**Aim of the task**
Please print the records below word for word.
----------------
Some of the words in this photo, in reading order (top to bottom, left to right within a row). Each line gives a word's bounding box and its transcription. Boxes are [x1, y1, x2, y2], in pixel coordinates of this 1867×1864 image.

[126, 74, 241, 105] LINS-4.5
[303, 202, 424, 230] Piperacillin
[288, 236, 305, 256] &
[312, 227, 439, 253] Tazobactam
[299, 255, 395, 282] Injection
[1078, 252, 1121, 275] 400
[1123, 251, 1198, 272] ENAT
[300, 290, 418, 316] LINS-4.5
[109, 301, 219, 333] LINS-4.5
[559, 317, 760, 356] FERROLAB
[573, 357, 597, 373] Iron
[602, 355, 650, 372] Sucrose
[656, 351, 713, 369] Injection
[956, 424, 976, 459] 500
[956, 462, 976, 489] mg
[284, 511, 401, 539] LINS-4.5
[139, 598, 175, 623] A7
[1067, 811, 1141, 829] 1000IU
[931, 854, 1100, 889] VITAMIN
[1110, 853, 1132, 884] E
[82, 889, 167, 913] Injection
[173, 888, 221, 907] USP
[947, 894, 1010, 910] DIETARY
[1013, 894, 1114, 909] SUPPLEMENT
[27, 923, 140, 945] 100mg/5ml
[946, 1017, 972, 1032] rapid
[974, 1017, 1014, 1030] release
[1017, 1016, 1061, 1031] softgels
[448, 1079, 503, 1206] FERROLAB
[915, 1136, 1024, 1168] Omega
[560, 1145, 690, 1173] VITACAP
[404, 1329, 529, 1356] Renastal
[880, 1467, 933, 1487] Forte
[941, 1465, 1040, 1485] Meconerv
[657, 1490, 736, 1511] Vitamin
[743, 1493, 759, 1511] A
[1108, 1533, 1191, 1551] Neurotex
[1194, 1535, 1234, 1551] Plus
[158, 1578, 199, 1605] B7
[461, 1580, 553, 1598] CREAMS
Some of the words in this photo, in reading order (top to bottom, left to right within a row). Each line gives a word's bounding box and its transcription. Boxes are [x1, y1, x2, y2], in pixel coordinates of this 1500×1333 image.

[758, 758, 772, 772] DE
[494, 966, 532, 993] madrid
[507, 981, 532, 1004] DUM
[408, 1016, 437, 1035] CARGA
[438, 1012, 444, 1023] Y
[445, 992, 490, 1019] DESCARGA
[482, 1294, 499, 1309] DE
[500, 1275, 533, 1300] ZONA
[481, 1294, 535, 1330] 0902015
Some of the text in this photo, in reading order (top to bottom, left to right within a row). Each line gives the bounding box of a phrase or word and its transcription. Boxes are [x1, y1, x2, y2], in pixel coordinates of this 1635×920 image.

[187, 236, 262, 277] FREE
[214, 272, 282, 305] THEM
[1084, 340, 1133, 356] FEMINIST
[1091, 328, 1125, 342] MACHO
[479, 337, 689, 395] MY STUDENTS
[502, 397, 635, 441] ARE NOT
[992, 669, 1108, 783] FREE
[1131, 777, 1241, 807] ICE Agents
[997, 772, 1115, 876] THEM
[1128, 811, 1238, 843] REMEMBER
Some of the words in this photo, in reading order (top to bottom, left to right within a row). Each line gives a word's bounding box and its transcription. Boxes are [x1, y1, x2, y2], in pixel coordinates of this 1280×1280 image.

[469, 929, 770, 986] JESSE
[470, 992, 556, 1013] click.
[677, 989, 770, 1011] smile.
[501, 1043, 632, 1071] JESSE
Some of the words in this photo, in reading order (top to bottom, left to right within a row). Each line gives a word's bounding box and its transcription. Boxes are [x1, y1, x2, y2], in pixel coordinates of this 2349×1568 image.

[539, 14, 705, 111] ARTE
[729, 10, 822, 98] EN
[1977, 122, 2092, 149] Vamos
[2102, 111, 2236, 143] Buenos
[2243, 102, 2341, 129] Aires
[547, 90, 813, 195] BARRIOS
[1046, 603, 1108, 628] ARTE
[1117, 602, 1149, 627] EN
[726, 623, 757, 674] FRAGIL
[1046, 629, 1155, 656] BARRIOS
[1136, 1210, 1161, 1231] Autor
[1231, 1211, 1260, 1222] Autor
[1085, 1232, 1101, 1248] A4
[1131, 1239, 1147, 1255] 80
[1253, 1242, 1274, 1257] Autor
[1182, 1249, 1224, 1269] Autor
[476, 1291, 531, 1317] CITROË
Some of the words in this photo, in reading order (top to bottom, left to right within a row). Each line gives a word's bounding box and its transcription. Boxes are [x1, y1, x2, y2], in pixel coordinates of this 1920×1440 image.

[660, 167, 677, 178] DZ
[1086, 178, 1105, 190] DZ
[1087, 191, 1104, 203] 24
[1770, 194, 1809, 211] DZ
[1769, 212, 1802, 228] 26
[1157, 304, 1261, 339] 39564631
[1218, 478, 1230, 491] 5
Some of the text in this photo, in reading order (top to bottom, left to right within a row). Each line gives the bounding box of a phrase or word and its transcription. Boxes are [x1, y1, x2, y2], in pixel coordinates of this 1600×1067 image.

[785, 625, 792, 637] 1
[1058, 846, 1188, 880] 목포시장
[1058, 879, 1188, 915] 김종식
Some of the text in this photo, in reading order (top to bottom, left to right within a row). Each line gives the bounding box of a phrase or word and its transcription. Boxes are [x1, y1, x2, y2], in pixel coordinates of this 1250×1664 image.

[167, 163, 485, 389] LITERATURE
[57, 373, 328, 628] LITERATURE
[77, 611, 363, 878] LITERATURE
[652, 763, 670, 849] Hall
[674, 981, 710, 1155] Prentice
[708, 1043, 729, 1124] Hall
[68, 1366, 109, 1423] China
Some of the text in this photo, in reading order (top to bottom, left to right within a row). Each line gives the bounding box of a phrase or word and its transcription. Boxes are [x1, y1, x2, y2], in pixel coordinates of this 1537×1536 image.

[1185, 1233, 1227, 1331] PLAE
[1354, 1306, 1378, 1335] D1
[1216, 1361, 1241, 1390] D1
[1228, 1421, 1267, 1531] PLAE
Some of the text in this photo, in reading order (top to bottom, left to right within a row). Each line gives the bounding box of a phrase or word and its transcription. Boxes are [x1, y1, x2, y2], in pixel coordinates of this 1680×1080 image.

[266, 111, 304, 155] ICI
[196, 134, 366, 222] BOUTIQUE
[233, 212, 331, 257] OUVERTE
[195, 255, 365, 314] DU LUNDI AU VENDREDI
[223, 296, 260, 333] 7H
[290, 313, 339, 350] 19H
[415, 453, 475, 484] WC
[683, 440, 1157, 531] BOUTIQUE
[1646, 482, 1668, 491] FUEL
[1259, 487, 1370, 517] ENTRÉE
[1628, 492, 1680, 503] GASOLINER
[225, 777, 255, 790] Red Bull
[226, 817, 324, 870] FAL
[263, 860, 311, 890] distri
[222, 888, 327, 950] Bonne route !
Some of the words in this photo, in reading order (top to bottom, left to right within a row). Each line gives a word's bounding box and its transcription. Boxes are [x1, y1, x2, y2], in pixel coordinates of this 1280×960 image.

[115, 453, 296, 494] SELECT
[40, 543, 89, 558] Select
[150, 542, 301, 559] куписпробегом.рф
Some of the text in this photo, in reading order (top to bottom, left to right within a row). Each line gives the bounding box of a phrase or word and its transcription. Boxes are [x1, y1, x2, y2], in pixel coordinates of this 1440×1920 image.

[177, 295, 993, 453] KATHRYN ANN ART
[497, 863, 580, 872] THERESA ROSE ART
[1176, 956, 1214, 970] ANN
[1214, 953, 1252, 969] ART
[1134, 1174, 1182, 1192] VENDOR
----------------
**Solution for this task**
Some of the words in this photo, in reading order (top to bottom, left to right within a row). Each line gives a word's bounding box and its transcription. Boxes are [x1, y1, x2, y2], in pixel coordinates of this 1867×1864 image.

[126, 74, 241, 105] LINS-4.5
[303, 202, 424, 230] Piperacillin
[288, 236, 305, 256] &
[312, 227, 439, 253] Tazobactam
[299, 255, 395, 282] Injection
[1078, 252, 1121, 275] 400
[1123, 251, 1198, 272] ENAT
[300, 290, 418, 316] LINS-4.5
[109, 301, 219, 333] LINS-4.5
[559, 317, 760, 356] FERROLAB
[573, 357, 597, 373] Iron
[602, 355, 650, 372] Sucrose
[656, 351, 713, 369] Injection
[956, 424, 976, 459] 500
[956, 462, 976, 489] mg
[284, 511, 401, 539] LINS-4.5
[139, 598, 175, 623] A7
[1067, 811, 1141, 829] 1000IU
[931, 854, 1100, 889] VITAMIN
[1110, 853, 1132, 884] E
[82, 889, 167, 913] Injection
[173, 888, 221, 907] USP
[947, 894, 1010, 910] DIETARY
[1013, 894, 1114, 909] SUPPLEMENT
[27, 923, 140, 945] 100mg/5ml
[946, 1017, 972, 1032] rapid
[974, 1017, 1014, 1030] release
[1017, 1016, 1061, 1031] softgels
[448, 1079, 503, 1206] FERROLAB
[915, 1136, 1024, 1168] Omega
[560, 1145, 690, 1173] VITACAP
[404, 1329, 529, 1356] Renastal
[880, 1467, 933, 1487] Forte
[941, 1465, 1040, 1485] Meconerv
[657, 1490, 736, 1511] Vitamin
[743, 1493, 759, 1511] A
[1108, 1533, 1191, 1551] Neurotex
[1194, 1535, 1234, 1551] Plus
[158, 1578, 199, 1605] B7
[461, 1580, 553, 1598] CREAMS
Some of the words in this photo, in reading order (top to bottom, left to right within a row). Each line gives a word's bounding box and its transcription. Boxes are [x1, y1, x2, y2], in pixel coordinates of this 1500×1333 image.

[758, 758, 772, 772] DE
[494, 966, 532, 993] madrid
[507, 981, 532, 1004] DUM
[408, 1016, 437, 1035] CARGA
[438, 1012, 444, 1023] Y
[445, 992, 490, 1019] DESCARGA
[482, 1294, 499, 1309] DE
[500, 1275, 533, 1300] ZONA
[481, 1294, 535, 1330] 0902015
Some of the text in this photo, in reading order (top to bottom, left to right within a row). Each line gives the bounding box of a phrase or word and its transcription. Boxes are [x1, y1, x2, y2], in pixel coordinates of this 1635×920 image.

[187, 236, 262, 277] FREE
[214, 272, 282, 305] THEM
[1084, 340, 1133, 356] FEMINIST
[1091, 328, 1125, 342] MACHO
[479, 337, 689, 395] MY STUDENTS
[502, 397, 635, 441] ARE NOT
[992, 669, 1108, 783] FREE
[1131, 777, 1241, 807] ICE Agents
[997, 772, 1115, 876] THEM
[1128, 811, 1238, 843] REMEMBER
Some of the words in this photo, in reading order (top to bottom, left to right within a row). Each line gives a word's bounding box and its transcription. Boxes are [x1, y1, x2, y2], in pixel coordinates of this 1280×1280 image.

[469, 929, 770, 986] JESSE
[470, 992, 556, 1013] click.
[677, 989, 770, 1011] smile.
[501, 1043, 632, 1071] JESSE
Some of the words in this photo, in reading order (top to bottom, left to right within a row). Each line gives a word's bounding box and its transcription. Boxes are [x1, y1, x2, y2], in pixel coordinates of this 2349×1568 image.

[539, 14, 705, 111] ARTE
[729, 10, 822, 98] EN
[1977, 122, 2092, 149] Vamos
[2102, 111, 2236, 143] Buenos
[2243, 102, 2341, 129] Aires
[547, 90, 813, 195] BARRIOS
[1046, 603, 1108, 628] ARTE
[1117, 602, 1149, 627] EN
[726, 623, 757, 674] FRAGIL
[1046, 629, 1155, 656] BARRIOS
[1136, 1210, 1161, 1231] Autor
[1231, 1211, 1260, 1222] Autor
[1085, 1232, 1101, 1248] A4
[1131, 1239, 1147, 1255] 80
[1253, 1242, 1274, 1257] Autor
[1182, 1249, 1224, 1269] Autor
[476, 1291, 531, 1317] CITROË
Some of the words in this photo, in reading order (top to bottom, left to right within a row). Each line gives a word's bounding box and its transcription. Boxes are [x1, y1, x2, y2], in pixel coordinates of this 1920×1440 image.

[660, 167, 677, 178] DZ
[1086, 178, 1105, 190] DZ
[1087, 191, 1104, 203] 24
[1770, 194, 1809, 211] DZ
[1769, 212, 1802, 228] 26
[1157, 304, 1261, 339] 39564631
[1218, 478, 1230, 491] 5
Some of the text in this photo, in reading order (top to bottom, left to right within a row). Each line gives the bounding box of a phrase or word and its transcription. Boxes are [x1, y1, x2, y2], in pixel coordinates of this 1600×1067 image.

[785, 625, 792, 637] 1
[1058, 846, 1188, 880] 목포시장
[1058, 879, 1188, 915] 김종식
Some of the text in this photo, in reading order (top to bottom, left to right within a row). Each line gives the bounding box of a phrase or word and its transcription. Boxes are [x1, y1, x2, y2], in pixel coordinates of this 1250×1664 image.

[167, 163, 485, 389] LITERATURE
[57, 373, 328, 628] LITERATURE
[77, 611, 363, 878] LITERATURE
[652, 763, 670, 849] Hall
[674, 981, 710, 1155] Prentice
[708, 1043, 729, 1124] Hall
[68, 1366, 109, 1423] China
Some of the text in this photo, in reading order (top to bottom, left to right within a row). Each line gives the bounding box of a phrase or word and its transcription. Boxes are [x1, y1, x2, y2], in pixel coordinates of this 1537×1536 image.

[1185, 1233, 1227, 1331] PLAE
[1354, 1306, 1378, 1335] D1
[1216, 1361, 1241, 1390] D1
[1228, 1421, 1267, 1531] PLAE
Some of the text in this photo, in reading order (top to bottom, left to right within a row). Each line gives the bounding box of a phrase or word and its transcription. Boxes are [x1, y1, x2, y2], in pixel coordinates of this 1680×1080 image.

[266, 111, 304, 155] ICI
[196, 134, 366, 222] BOUTIQUE
[233, 212, 331, 257] OUVERTE
[195, 255, 365, 314] DU LUNDI AU VENDREDI
[223, 296, 260, 333] 7H
[290, 313, 339, 350] 19H
[415, 453, 475, 484] WC
[683, 440, 1157, 531] BOUTIQUE
[1646, 482, 1668, 491] FUEL
[1259, 487, 1370, 517] ENTRÉE
[1628, 492, 1680, 503] GASOLINER
[225, 777, 255, 790] Red Bull
[226, 817, 324, 870] FAL
[263, 860, 311, 890] distri
[222, 888, 327, 950] Bonne route !
Some of the words in this photo, in reading order (top to bottom, left to right within a row). Each line gives a word's bounding box and its transcription. Boxes are [x1, y1, x2, y2], in pixel coordinates of this 1280×960 image.

[115, 453, 296, 494] SELECT
[40, 543, 89, 558] Select
[150, 542, 301, 559] куписпробегом.рф
Some of the text in this photo, in reading order (top to bottom, left to right within a row). Each line gives the bounding box of a phrase or word and its transcription. Boxes are [x1, y1, x2, y2], in pixel coordinates of this 1440×1920 image.

[177, 295, 993, 453] KATHRYN ANN ART
[497, 863, 580, 872] THERESA ROSE ART
[1176, 956, 1214, 970] ANN
[1214, 953, 1252, 969] ART
[1134, 1174, 1182, 1192] VENDOR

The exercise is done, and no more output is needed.